Si le contribuable a fait ces démarches et peut en apporter la preuve, un redressement opéré par l'administration pour cette raison sera considéré comme irrégulier.

4. Les demandes de délai concernant l'impôt sur le revenu ont augmenté de 22% entre 2011 et 2013. Ma situation financière s'est dégradée. Comment demander un échelonnement ? Quels sont les critères ?

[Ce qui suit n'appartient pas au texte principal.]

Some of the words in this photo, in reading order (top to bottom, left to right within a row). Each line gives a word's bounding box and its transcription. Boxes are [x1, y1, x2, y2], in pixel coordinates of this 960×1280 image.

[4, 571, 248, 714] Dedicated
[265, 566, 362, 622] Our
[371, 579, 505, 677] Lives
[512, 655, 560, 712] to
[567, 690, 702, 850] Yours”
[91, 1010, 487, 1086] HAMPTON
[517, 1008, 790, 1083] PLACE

En premier lieu, anticipez. Si vos revenus sont en baisse, vous pouvez opter pour la mensualisation. Pour l'année en cours, il faut le faire au plus tard le 30 juin. Il est donc trop tard pour 2014 mais pour 2015 on peut le faire dès maintenant. Cela permet de ne pas avoir à payer d'acompte prévisionnel le 15 février et le 15 mai. On fixe soi-même les montants des 10 premières mensualités de janvier à octobre. Puis on doit régler une régularisation en novembre et décembre. Attention, il faut calculer au plus près le montant de la mensualité car s'il y a un peu plus d'un dixième d'erreur on encourt une pénalité de 10%.

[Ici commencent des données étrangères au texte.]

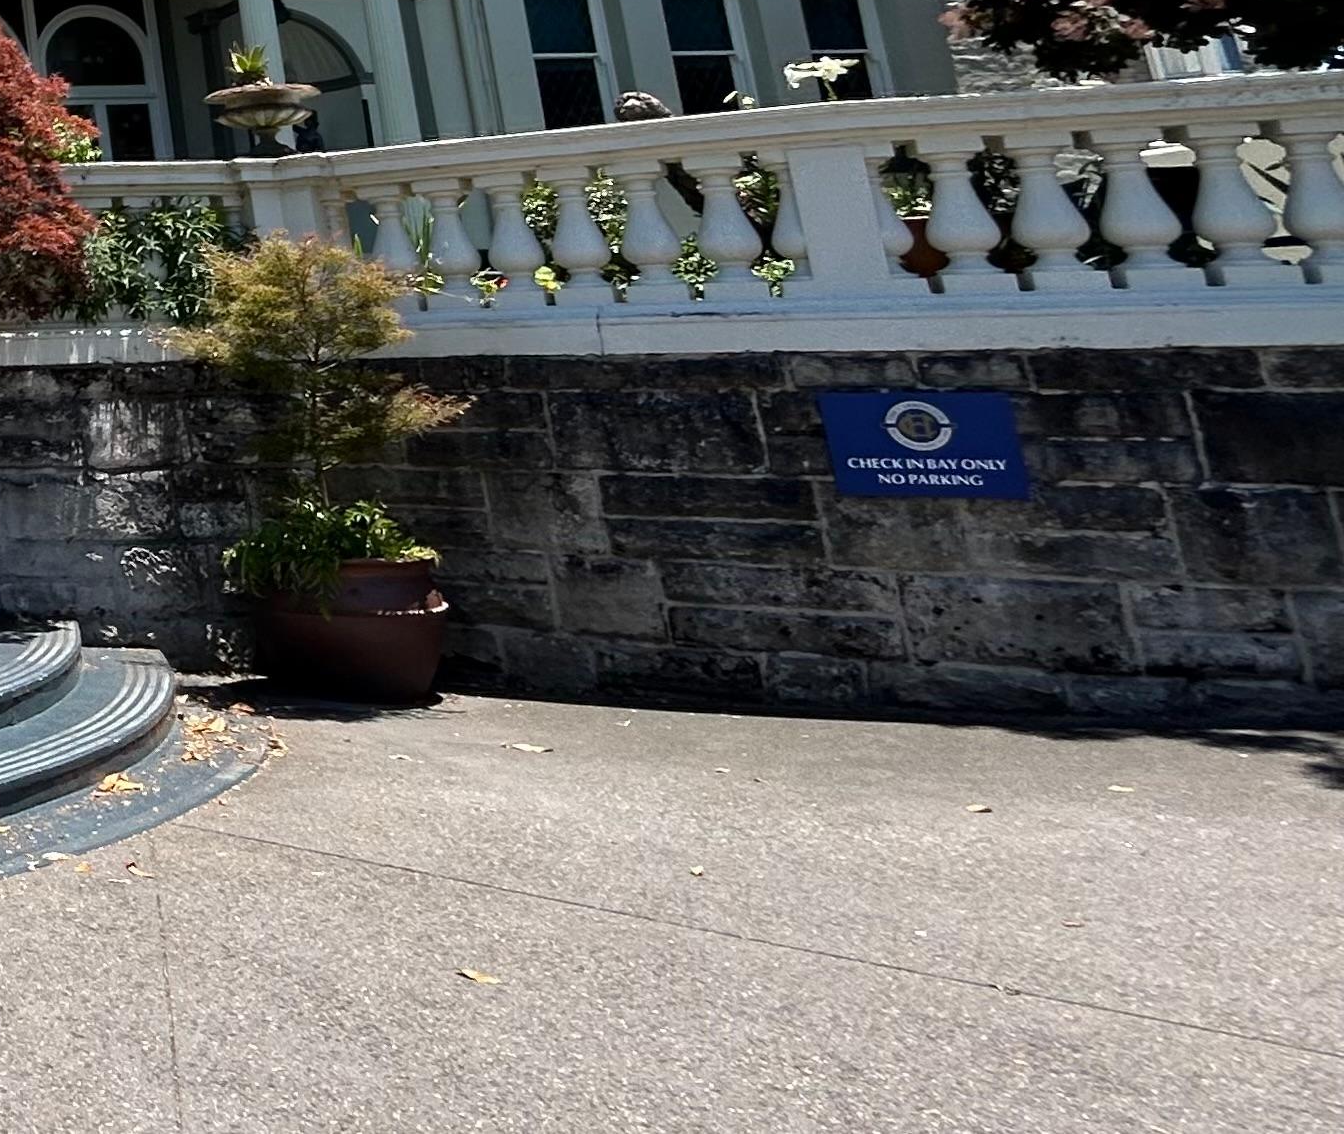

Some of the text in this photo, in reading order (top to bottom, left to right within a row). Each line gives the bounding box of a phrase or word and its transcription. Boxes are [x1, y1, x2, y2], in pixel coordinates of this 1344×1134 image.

Si vous rencontrez actuellement un problème de trésorerie pour acquitter l'impôt qui reste dû, vous pouvez solliciter des délais de paiement à l'administration. Prenez les devants en contactant votre centre des impôts. Ce droit est admis si vous subissez une baisse de revenus de 30%. Vous pourrez alors bénéficier d'un échelonnement jusqu'au 31 mars de l'année suivante. L'administration peut vous accorder plus de temps à l'appréciation du dossier.

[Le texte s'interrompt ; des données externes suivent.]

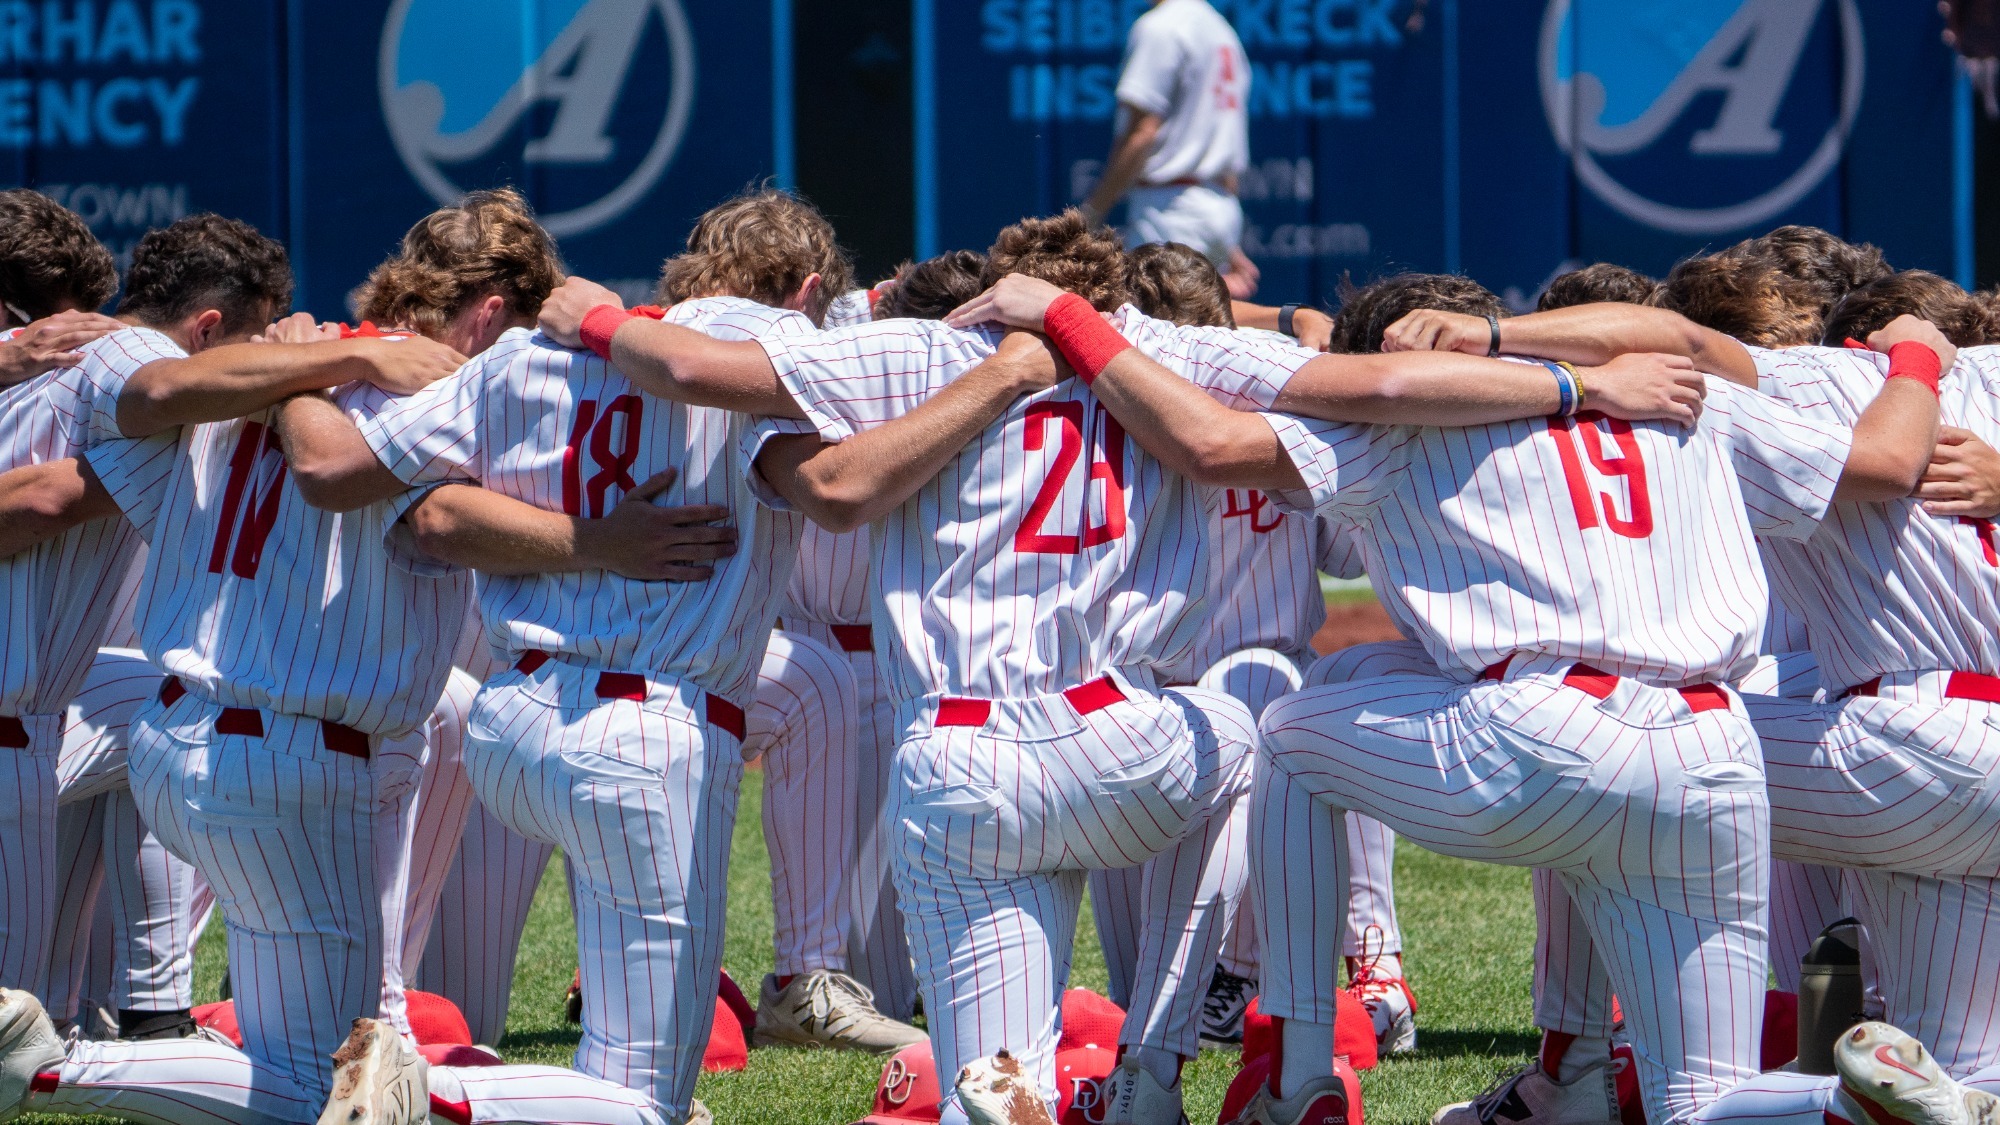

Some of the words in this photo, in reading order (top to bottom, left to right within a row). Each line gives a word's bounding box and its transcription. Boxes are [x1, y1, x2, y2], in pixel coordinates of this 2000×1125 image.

[983, 0, 1402, 49] SEIBKECK
[1009, 61, 1374, 118] INSNCE
[562, 394, 644, 519] 18
[1547, 410, 1654, 538] 19
[885, 1058, 918, 1104] DU
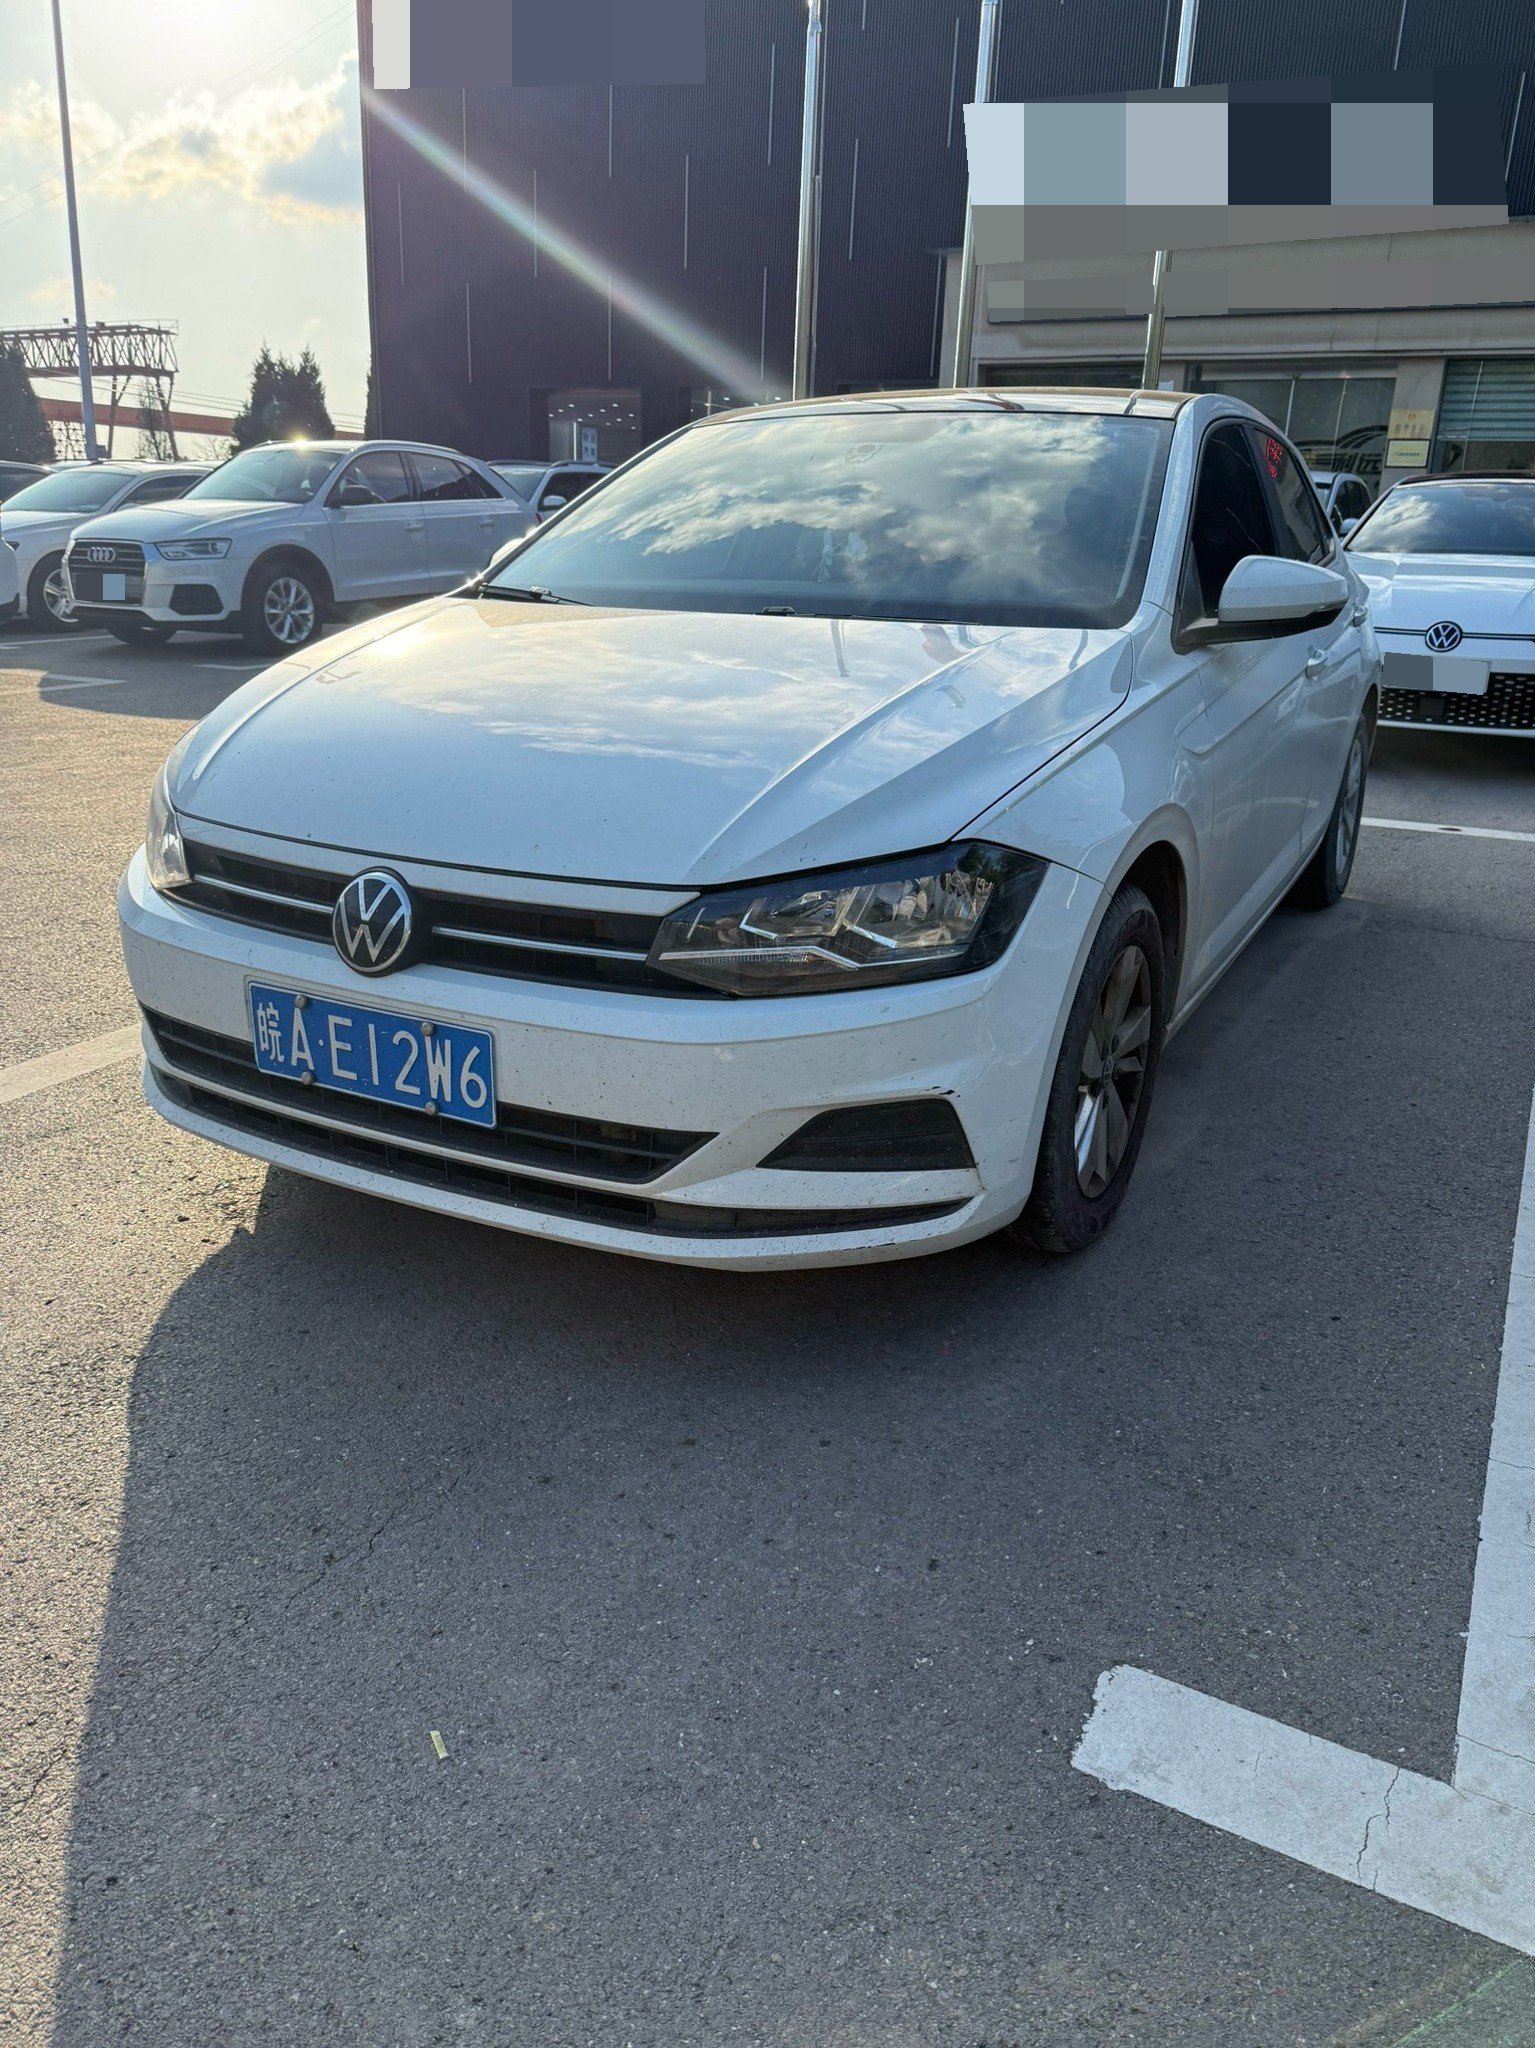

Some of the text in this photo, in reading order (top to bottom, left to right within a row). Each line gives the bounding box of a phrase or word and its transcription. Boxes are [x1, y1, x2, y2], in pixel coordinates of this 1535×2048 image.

[1427, 622, 1461, 650] VW
[335, 872, 411, 969] VW
[256, 1001, 488, 1110] 皖A·E12W6

Si vos revenus ont diminué de moins de 30%, l'administration n'est pas obligée de vous accorder un échelonnement. Il est néanmoins conseillé de prendre contact avec les contrôleurs des finances publiques, qui sont en général à l'écoute des contribuables. Ils peuvent, selon les cas, mettre en place un échelonnement mais cela n'est pas une obligation de leur part. Quoi qu'il en soit, il faut prendre les devants et privilégier absolument le dialogue dès que les premières difficultés se font sentir.

5. Avez-vous une astuce peu connue qui peut profiter à un grande partie des contribuables ?

Il existe des dispositifs de défiscalisation mis en place pour soutenir l'économie ou certaines régions. Si vous avez un peu de liquidités, vous pouvez, à ce titre, faire un investissement Girardin industriel, qui permet de soutenir l'économie dans les territoires d'Outre mer. Cela consiste à payer, avant le 31 décembre de l'année, une côte part de l'impôt qui sera dû l'année suivante. On obtient ainsi un crédit d'impôt compris entre 14% et 20%, selon les dossiers, de l'impôt qui sera acquitté un an plus tard. Par exemple, si vous payez 1000 euros tout de suite, vous aurez 1200 euros d'impôts en moins à payer l'année suivante. C'est comme si vous aviez un placement à 14 ou 20% en 3 mois.